(Records drawn from a dataset)
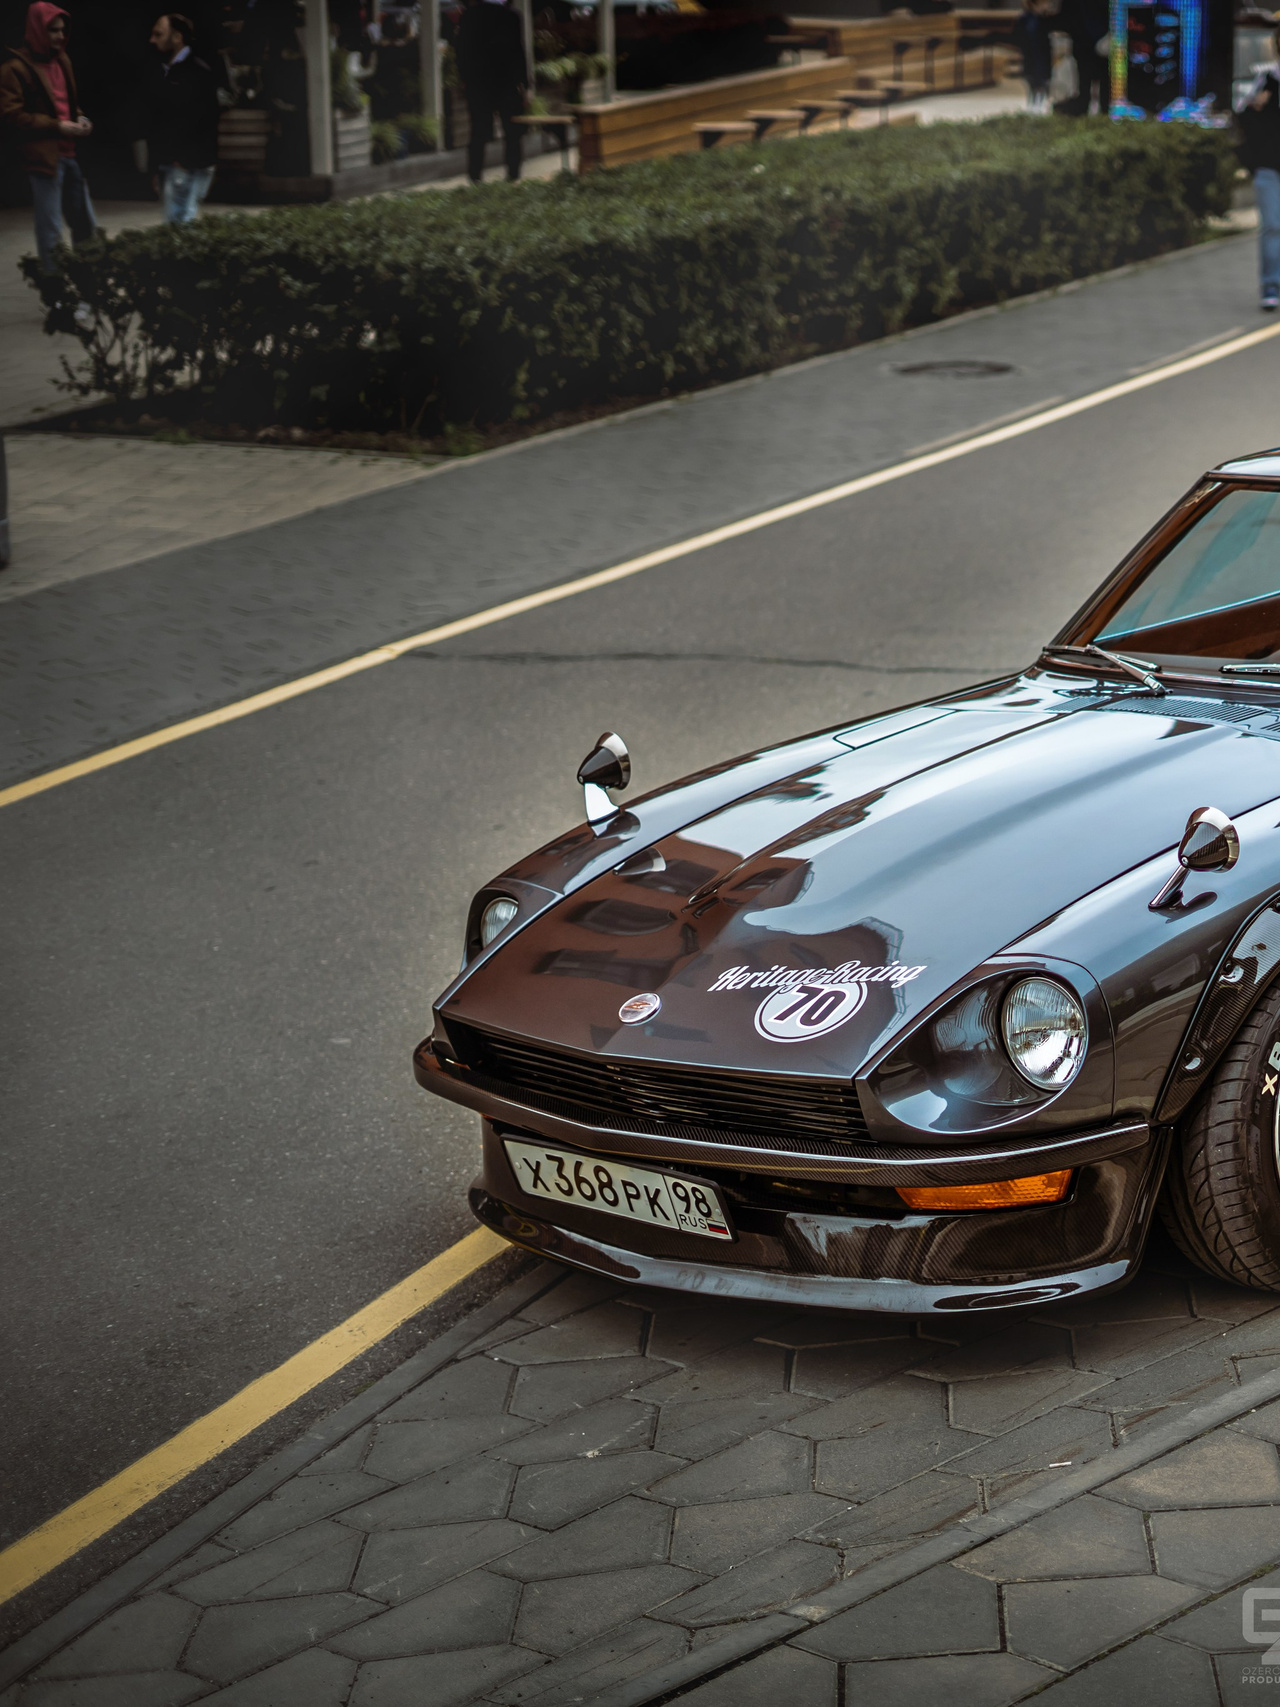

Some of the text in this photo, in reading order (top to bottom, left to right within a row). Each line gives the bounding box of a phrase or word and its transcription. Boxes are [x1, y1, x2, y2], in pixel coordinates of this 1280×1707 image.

[768, 984, 850, 1028] 70
[1261, 1073, 1278, 1095] X
[672, 1181, 712, 1218] 98
[679, 1214, 707, 1229] RUS

§ **Work task**: All of the records should be set down exactly, minus the pictures they hold.

§ **Answer box**:
Some of the text in this photo, in reading order (top to bottom, left to right within a row). Each line gives the bounding box of a phrase or word and its transcription. Boxes are [x1, y1, x2, y2], in pixel coordinates of this 1280×1707 image.

[768, 984, 850, 1028] 70
[1261, 1073, 1278, 1095] X
[672, 1181, 712, 1218] 98
[679, 1214, 707, 1229] RUS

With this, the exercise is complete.